Kufic was used for 150 years during the Abbasid period. Ibn Muqla, the famous Abbasid vizier and calligrapher from Baghdad, succeeded in developing a system that determines the main dimensions of the article thanks to his geometry knowledge. For the beauty of the letters, he considered dots, circles and alif as a standard measure. Within these measures, he laid out the procedures and principles of six kinds of scripts called Muhaqqaq, Reyhani, Thuluth, Naskhi, Tawqi and Riq’a. All of these were called Aqlama al-Sitta (Six Scripts). These six styles of writing were developed a century later by the hand of Arab calligrapher Ali B. Hilan.
Calligraphy, which later progressed even further on the road to development, became more beautiful with more prominent rules 200 years later with the efforts of Abbasid Caliph Yaqut al-Musta, who died in 1298.
After the Abbasids were erased from the stage of history in 1258, the superiority in writing was taken over by Turkish and Iranian calligraphers. Although the Iranian calligraphers wrote these six styles according to their own understanding, they did not depart from the style introduced by Yaqud. Ottoman Turks, on the other hand, were pioneers in calligraphy.
Some of the pioneers of Turkish calligraphy include Sheikh Hamdullah, Ahmed Karahisari, Hafiz Osman, Mustafa Rakim, Mahmut Celaleddin Efendi and Yesarizade Mustafa İzzet Efendi.
Sheikh Hamdullah, who was regarded as the father of the Ottoman-Turkish calligraphers in the 16th century, brought a never-before-achieved beauty and maturity to these six styles. During the reign of Sheikh Hamdullah, Thuluth and Naskhi spread rapidly due to their proximity to Turkish taste, and only the Naskhi was used in the writing of the Quran.

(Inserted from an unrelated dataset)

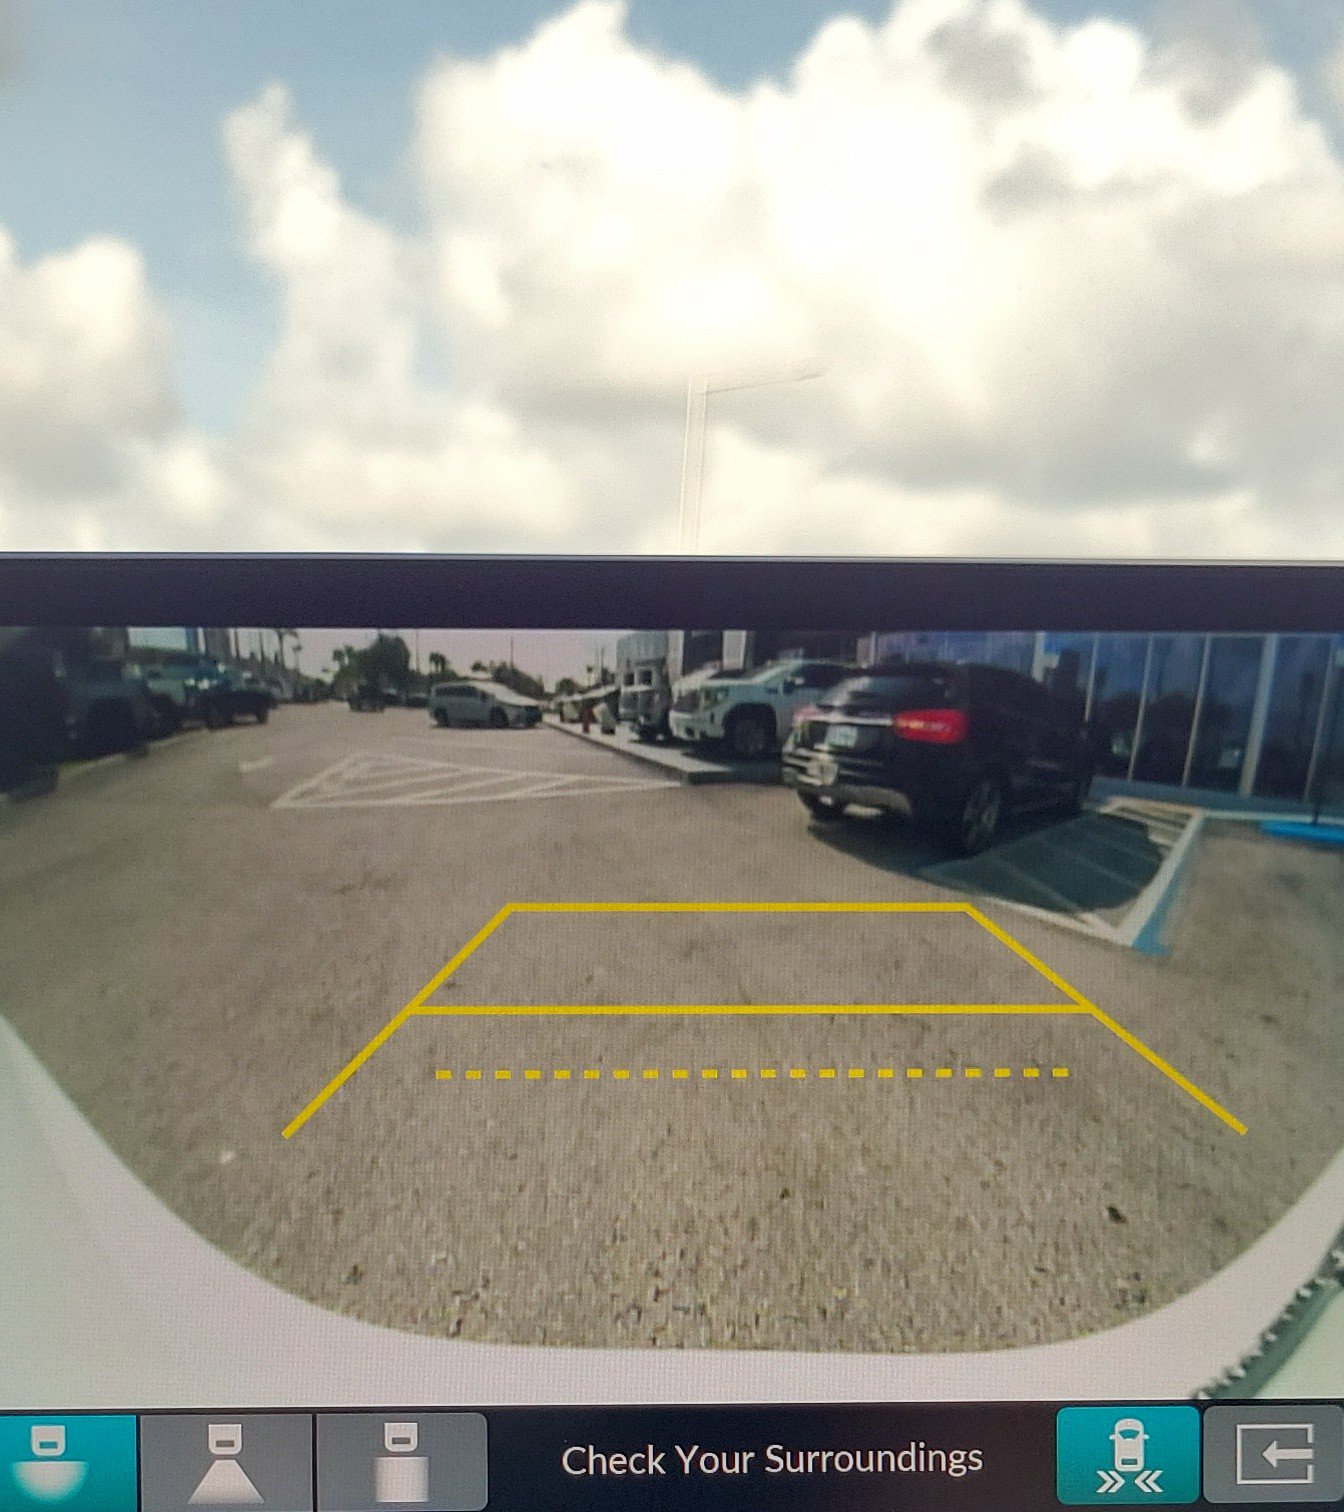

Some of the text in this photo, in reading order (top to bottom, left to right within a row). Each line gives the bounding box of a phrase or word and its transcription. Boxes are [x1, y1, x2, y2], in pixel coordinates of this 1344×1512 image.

The success of the calligraphers was commemorated by the saying, "he wrote like the sheikh," since those who were born after Sheikh Hamdullah followed in his footsteps in writing. This situation continued for more than 150 years.
In the second half of the 17th century, Hafiz Osman created a unique calligraphy style by sifting through Sheikh Hamdullah's style. As Hafız Osman's groundbreaking era in calligraphy continued with all its majesty, a century later, İsmail Zühdü and his brother Mustafa Rakım created their own accents inspired by Osman’s writings. Mustafa Rakım topped all calligraphy styles with his perfection, especially in Thuluth Jali, as in his writings of Thuluth and Naskhi, and managed to transfer Hafız Osman’s style from Thuluth to Jali. Sami Efendi, who came after Mustafa Rakım, gave a new direction to Mustafa Rakım Efendi's style by applying the letters of İsmail Zühdü's Thuluth letters to Jali.

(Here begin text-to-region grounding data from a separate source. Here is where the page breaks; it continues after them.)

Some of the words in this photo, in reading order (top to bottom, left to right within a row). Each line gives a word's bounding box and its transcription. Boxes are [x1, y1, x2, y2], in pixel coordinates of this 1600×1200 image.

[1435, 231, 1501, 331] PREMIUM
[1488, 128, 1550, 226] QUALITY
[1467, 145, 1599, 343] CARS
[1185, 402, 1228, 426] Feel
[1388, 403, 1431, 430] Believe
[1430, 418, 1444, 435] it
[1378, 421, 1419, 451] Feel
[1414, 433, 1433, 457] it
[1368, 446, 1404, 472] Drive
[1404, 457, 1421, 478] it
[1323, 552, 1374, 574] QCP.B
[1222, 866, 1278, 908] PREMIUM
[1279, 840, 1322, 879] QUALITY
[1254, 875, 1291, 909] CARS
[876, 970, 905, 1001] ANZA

Istanbul became the immortal center of calligraphy after it was conquered by the Turks. This fact, regarded as indisputable in the entire Islamic world, has found its expression most delightfully with a well-known saying, "the Quran was revealed in Mecca, recited in Egypt and written in Istanbul." The entire Islamic world rushed to Istanbul to learn calligraphy.
4 files for intangible heritage
Turkey, one of the top five countries that have registered the most elements in the UNESCO Intangible Cultural Heritage Lists, presented four files to UNESCO this year.

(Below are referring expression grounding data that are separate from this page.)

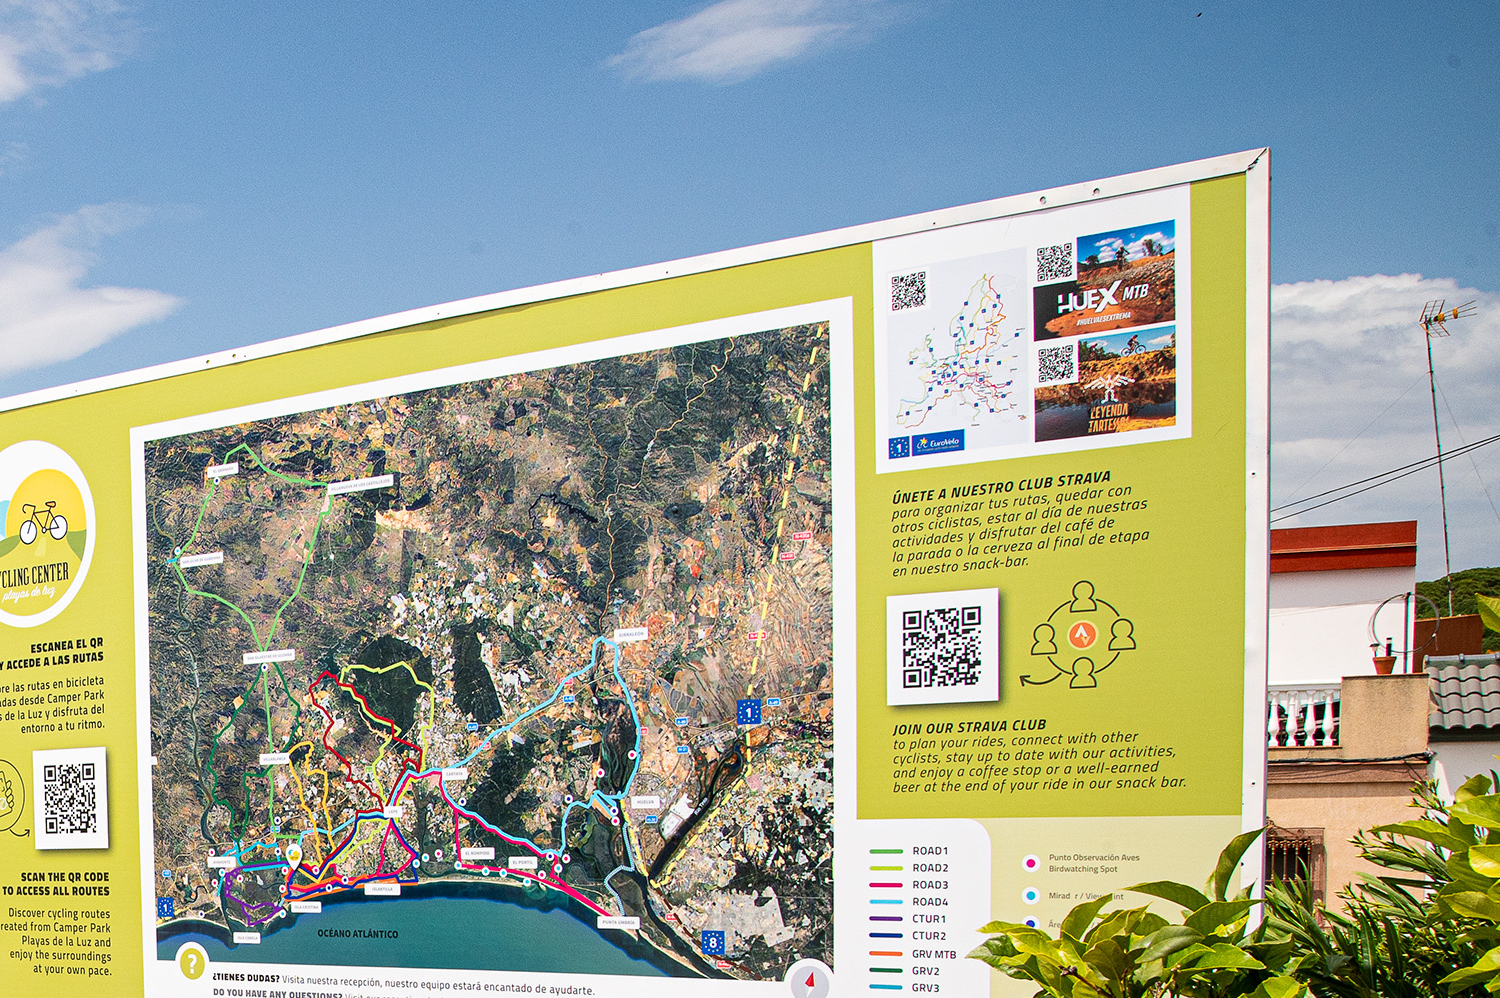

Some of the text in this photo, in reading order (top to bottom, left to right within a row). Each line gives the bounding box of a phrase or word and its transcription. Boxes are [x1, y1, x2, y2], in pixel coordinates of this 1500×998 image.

[1057, 280, 1149, 314] HUEX MTB
[1076, 312, 1132, 326] #HUELVAESEXTREMA
[1090, 402, 1129, 419] LEYENDA
[896, 443, 902, 453] 1
[930, 438, 960, 447] EuroVelo
[892, 470, 1110, 505] ÚNETE A NUESTRO CLUB STRAVA
[891, 486, 1132, 522] para organizar tus rutas, quedar con
[32, 562, 69, 585] CENTER
[1, 585, 56, 604] playas de luz
[31, 637, 103, 654] ESCANEA EL QR
[6, 657, 41, 670] ACCEDE
[43, 657, 50, 667] A
[52, 654, 70, 666] LAS
[72, 651, 104, 664] RUTAS
[12, 683, 25, 692] las
[27, 681, 50, 691] rutas
[53, 680, 63, 689] en
[66, 676, 104, 688] bicicleta
[19, 694, 45, 706] desde
[47, 693, 81, 705] Camper
[84, 689, 105, 701] Park
[746, 707, 751, 718] 1
[892, 719, 1047, 736] JOIN OUR STRAVA CLUB
[893, 731, 1139, 752] to plan your rides, connect with other
[913, 846, 948, 855] ROAD1
[1073, 853, 1120, 861] Observación
[913, 863, 948, 872] ROAD2
[1049, 865, 1118, 874] Birdwatching Spot
[21, 872, 109, 883] SCAN THE QR CODE
[913, 880, 949, 890] ROAD3
[2, 886, 110, 896] TO ACCESS ALL ROUTES
[1048, 892, 1079, 900] Miradr
[913, 897, 948, 906] ROAD4
[8, 907, 110, 921] Discover cycling routes
[163, 904, 168, 913] 1
[912, 914, 946, 923] CTUR1
[317, 927, 399, 939] OCÉANO ATLÁNTICO
[912, 931, 946, 941] CTUR2
[709, 937, 717, 949] 8
[10, 949, 112, 965] enjoy the surroundings
[912, 949, 957, 959] GRV MTB
[912, 966, 940, 976] GRV2
[212, 973, 595, 996] ¿TIENES DUDAS? Visita nuestra recepción, nuestro equipo estará encantado de ayudarte.
[912, 983, 940, 993] GRV3

The country applied for the inclusion of four of its cultural values to UNESCO's intangible cultural heritage list, including Tea Culture: Symbol of Identity, Hospitality and Social Interaction, Tradition of Nasreddin Hodja Jokes and Mey/Balaban Wind Instrument Craftsmanship and the Art of Performance. Hüsn-i Hat: Islamic Calligraphy was also delivered to UNESCO last March.